Catalin Davidescu, founder of Dark Side Entertainment says that we can’t talk about an impact of the Colectiv tragedy on the rock concert industry, but of a total setting a drift of it. “At present the majority of bands and their staff are unemployed. This tragedy just doubled the existing problems that we already had: excessive taxation, lack of material basis and the financial incapacity of the market in general,” he says. He warns that the Romanian clubs, especially those that constantly organized live concerts are extremely affected. “We agree and welcome the security measures imposed by the local authorities, but unfortunately, they are not ready to manage the huge number of requests for ISU authorization,” says Davidescu.

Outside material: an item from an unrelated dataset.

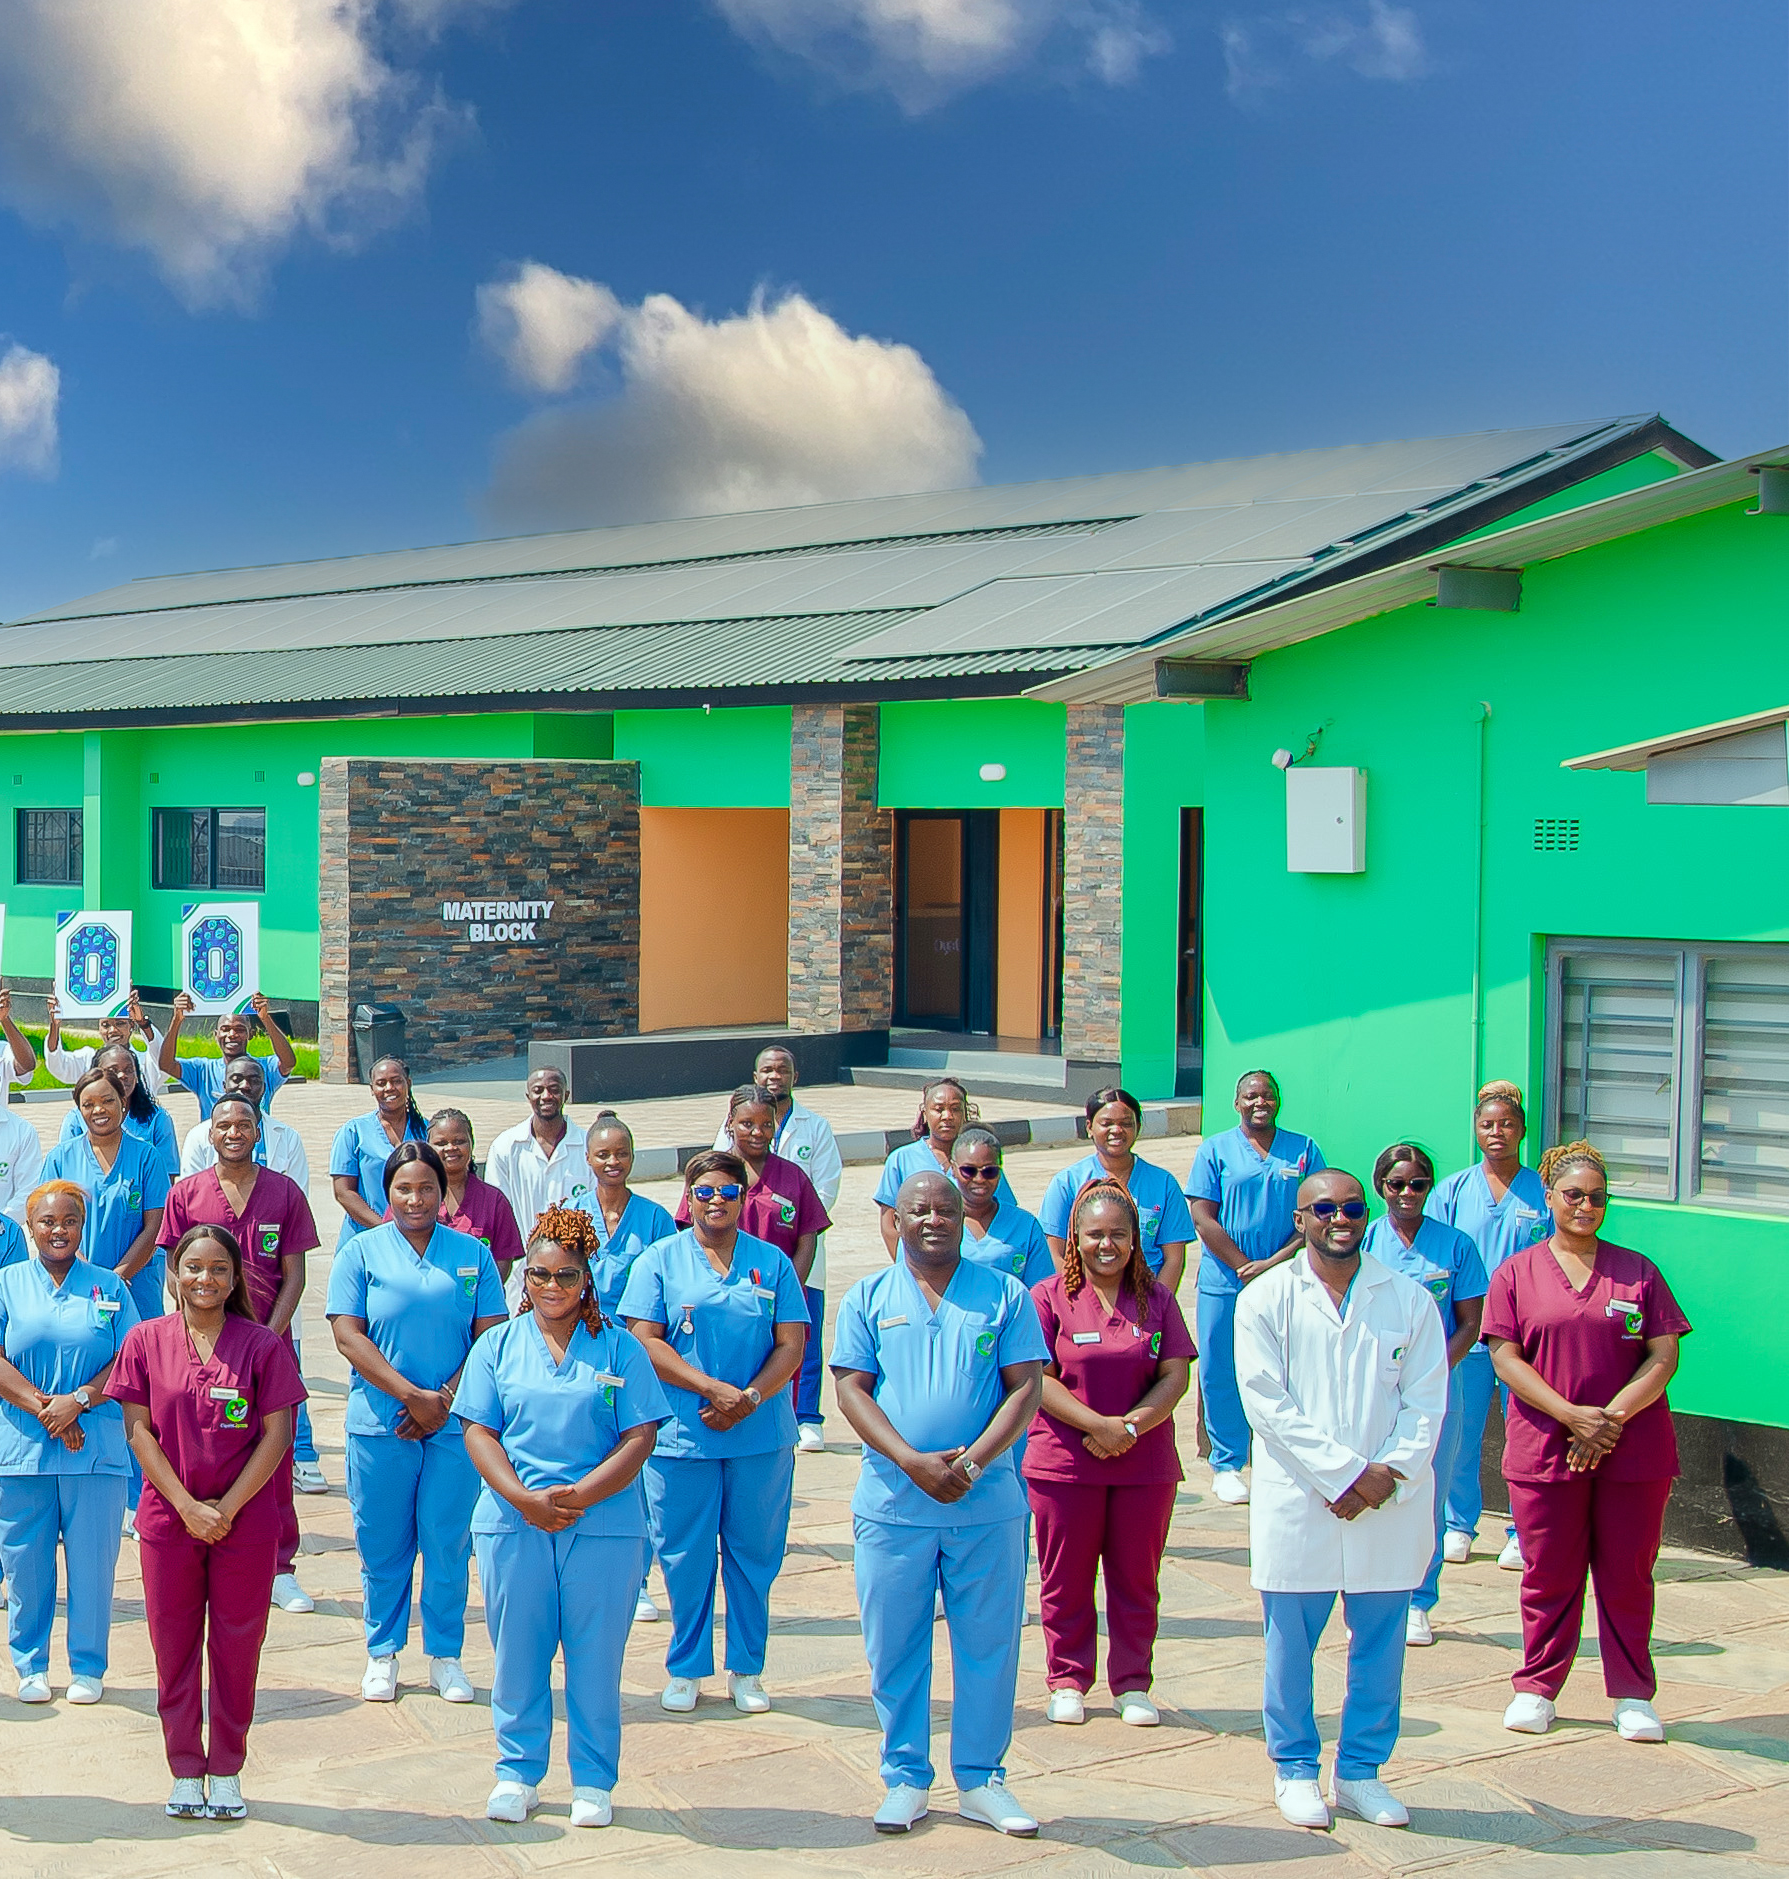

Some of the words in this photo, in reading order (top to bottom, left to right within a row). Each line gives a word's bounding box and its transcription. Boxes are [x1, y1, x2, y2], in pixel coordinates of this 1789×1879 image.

He adds that, according to his partners abroad, the measures that Romania has taken as a result of the Colectiv tragedy are much more stringent than those imposed in countries with a long tradition in organizing and producing live events. He warns that there will be a social impact of this situation as the deadline for obtaining an authorization from ISU easily exceeds one month. “Hundreds of locations that are now soliciting authorizations have hundreds of employees and thus, families. If these locations aren’t open and functioning, hundreds of families lose their source of income. I think that soon this will become a social problem,” says the representative of Dark Side Entertainment. He is also the initiator of the #impreunarezistam (“together we stand”) support group for the victims of the Colectiv tragedy. “The Romanian rock community is one of the oldest and most united ones. So far, with the help of the Estura foundation, we managed to fundraise significant amounts of money that will be totally directed towards the families of the victims.” But, he says that this is not all. “We will try as much as possible to militate in favor of the changing of the legal framework of the field we activate in now. We will try to impose new standards in the Romanian music production industry so that tragedies like the Colectiv one, do not happen again,” concludes Davidescu.